#### PROBLEM DETAILS
Where a line contains "this 1288×966 image.", start there and write out that line and each one after it, word for word, through the final line of the entries; add nothing else.

#### TASK MATERIAL
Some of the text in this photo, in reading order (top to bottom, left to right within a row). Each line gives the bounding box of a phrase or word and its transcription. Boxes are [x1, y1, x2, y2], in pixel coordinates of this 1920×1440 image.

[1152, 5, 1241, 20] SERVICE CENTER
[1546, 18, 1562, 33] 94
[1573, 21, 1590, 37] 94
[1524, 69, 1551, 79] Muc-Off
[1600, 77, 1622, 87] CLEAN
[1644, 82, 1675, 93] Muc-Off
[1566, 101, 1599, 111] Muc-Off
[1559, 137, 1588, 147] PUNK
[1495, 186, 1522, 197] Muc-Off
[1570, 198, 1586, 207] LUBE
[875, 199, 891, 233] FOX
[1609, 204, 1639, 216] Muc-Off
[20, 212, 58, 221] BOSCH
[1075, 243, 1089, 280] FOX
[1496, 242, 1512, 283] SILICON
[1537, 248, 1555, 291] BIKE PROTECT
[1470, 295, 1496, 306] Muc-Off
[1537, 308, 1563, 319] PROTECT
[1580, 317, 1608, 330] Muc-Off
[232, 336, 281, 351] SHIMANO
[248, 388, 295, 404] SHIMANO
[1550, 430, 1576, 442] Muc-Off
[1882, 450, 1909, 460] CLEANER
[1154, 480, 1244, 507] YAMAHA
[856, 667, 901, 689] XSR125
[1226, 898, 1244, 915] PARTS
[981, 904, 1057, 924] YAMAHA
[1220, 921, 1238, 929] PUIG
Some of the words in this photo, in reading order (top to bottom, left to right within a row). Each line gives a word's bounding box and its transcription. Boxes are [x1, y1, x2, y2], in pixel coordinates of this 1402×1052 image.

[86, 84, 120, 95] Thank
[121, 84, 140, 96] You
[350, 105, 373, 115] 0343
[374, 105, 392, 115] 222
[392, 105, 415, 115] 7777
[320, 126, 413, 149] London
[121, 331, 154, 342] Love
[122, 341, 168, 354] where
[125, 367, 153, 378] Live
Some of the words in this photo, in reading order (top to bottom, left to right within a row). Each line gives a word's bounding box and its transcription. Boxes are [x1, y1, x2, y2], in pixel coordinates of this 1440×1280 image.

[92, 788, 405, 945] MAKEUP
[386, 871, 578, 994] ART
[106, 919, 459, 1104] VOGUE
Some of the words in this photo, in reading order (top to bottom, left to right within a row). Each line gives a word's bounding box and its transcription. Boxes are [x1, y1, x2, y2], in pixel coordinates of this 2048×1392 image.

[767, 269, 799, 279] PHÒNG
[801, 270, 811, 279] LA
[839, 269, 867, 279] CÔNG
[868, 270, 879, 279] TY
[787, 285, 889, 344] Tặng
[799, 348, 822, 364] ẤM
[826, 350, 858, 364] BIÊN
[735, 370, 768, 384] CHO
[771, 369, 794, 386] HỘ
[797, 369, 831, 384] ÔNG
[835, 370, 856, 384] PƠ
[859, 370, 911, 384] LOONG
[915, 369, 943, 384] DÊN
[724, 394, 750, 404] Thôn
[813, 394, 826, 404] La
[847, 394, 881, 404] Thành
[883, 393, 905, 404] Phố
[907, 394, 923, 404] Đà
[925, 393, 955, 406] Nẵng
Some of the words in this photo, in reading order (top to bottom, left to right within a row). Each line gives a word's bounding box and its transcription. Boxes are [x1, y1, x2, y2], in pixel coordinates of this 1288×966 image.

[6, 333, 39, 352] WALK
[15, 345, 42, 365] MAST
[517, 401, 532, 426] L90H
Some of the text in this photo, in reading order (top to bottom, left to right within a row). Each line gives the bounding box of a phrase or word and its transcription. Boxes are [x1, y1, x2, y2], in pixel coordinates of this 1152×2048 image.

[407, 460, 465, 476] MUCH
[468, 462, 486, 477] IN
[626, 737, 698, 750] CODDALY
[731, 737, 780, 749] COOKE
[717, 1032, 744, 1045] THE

#### EXPECTED OUTPUT
Some of the words in this photo, in reading order (top to bottom, left to right within a row). Each line gives a word's bounding box and its transcription. Boxes are [x1, y1, x2, y2], in pixel coordinates of this 1288×966 image.

[6, 333, 39, 352] WALK
[15, 345, 42, 365] MAST
[517, 401, 532, 426] L90H
Some of the text in this photo, in reading order (top to bottom, left to right within a row). Each line gives the bounding box of a phrase or word and its transcription. Boxes are [x1, y1, x2, y2], in pixel coordinates of this 1152×2048 image.

[407, 460, 465, 476] MUCH
[468, 462, 486, 477] IN
[626, 737, 698, 750] CODDALY
[731, 737, 780, 749] COOKE
[717, 1032, 744, 1045] THE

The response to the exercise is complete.